Sunday, August 26, 2018

Under The Stars

I originally published this last August. I am reposting it.




I had been invited for a night of stargazing. To my left and right, a half dozen amateur astronomers, each armed with a bucket list of nebulae, double stars, and globular clusters pointed their telescopes at the sky. I sat back in the old Catskill style chair, looking straight up at the dome of stars with my naked eye, and occasionally with my Leitz binoculars. An occasional car rumbled by on Ridge Road, hidden by the big stand of pines behind the house. Other than that, there were only muffled voices discussing the next celestial object in someone’s crosshairs.

A voice rang out from the dark. “Anyone want to see M-9 in the big telescope?” M-9 was a globular cluster in the constellation Ophiuchus. You need a small telescope to see it at all. I climbed five steps up a ladder to reach the eyepiece of this thirty inch scope, and put my eye gently to the glass. M-9, normally a cottony blob of light through smaller instruments, became a riot of individual stars held together in a cluster by its own gravity.

I had come to be in this back yard courtesy of the Culpeper Astronomy Club. The club meets once a month at the library, but maintains a relationship with a gentleman who has a superb observatory in his backyard. The observatory’s thirty inch dobsonian telescope is likely the largest telescope in private hands in Virginia. It was just a little longer than my 1989 Volvo.
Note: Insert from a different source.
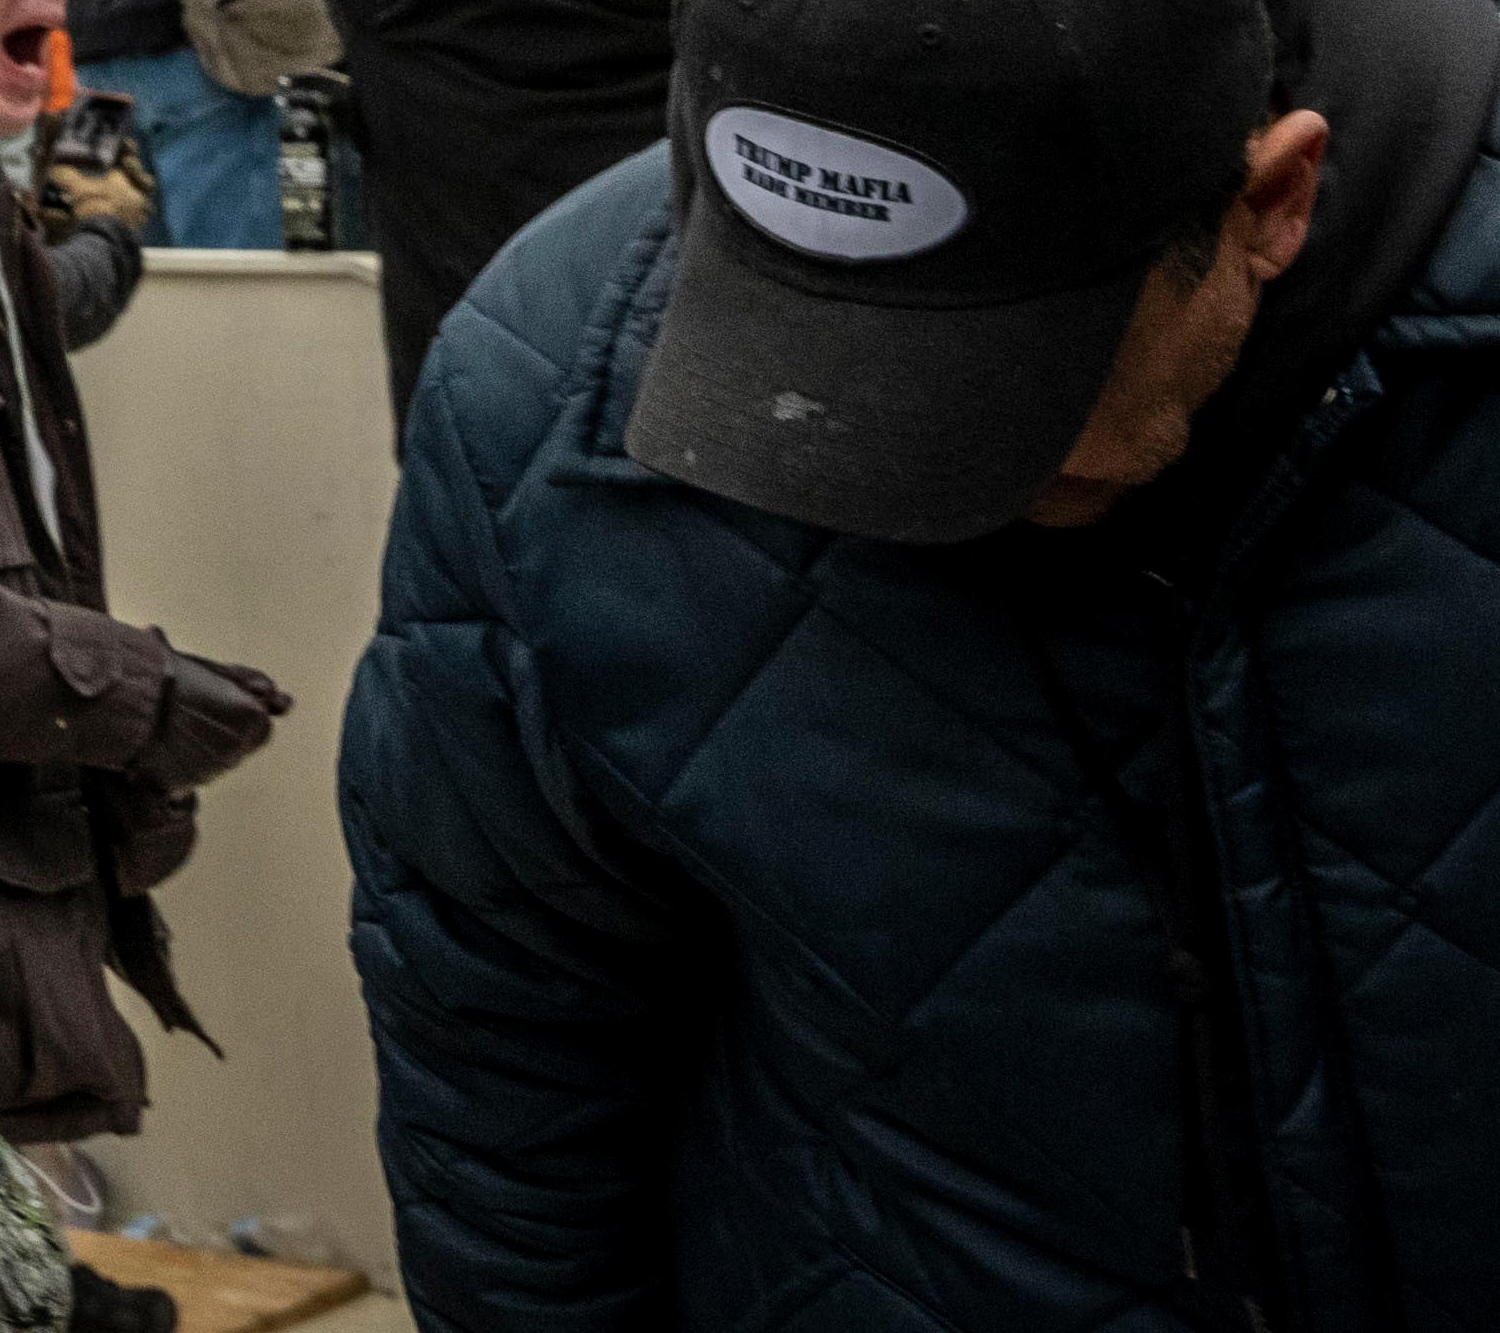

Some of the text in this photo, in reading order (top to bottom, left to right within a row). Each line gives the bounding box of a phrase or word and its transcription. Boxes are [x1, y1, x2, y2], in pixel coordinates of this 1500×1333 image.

[734, 133, 914, 204] TRUMP MAFIA
[794, 184, 892, 223] MEMBER
Looking through that telescope at M-9, twenty-six thousand light years distant, took me back in time. The light carrying M-9’s image to my eye began its journey when the earth was at the height of the last ice age, twenty-six thousand years ago.

I felt sadly nostalgic for a past I could never recapture. This sky would never be as clear and as striking as the sky had been when I was at sea. Back then the stars would twinkle against a pitch dark sky, untouched by city lights. On a few calm nights, when the wind had died to nothing, the sea would sit flat like glass. The stars would twinkle off the water as if it were a mirror, just as they were twinkling in the sky.

As the ship slipped through the water with a gentle hiss, the stars on the water would surround it in a magic display as if it were gliding through space. Those few special nights made memories that only sailors can have. They are memories that sailors have had and held for thousands of years - as long as we have gone to sea. No one who hasn’t gone to sea can have that experience. It’s something we can store away, remembering that excitement at sea wasn’t limited to hurricanes, and emergencies. Some of them are just moments of peaceful beauty.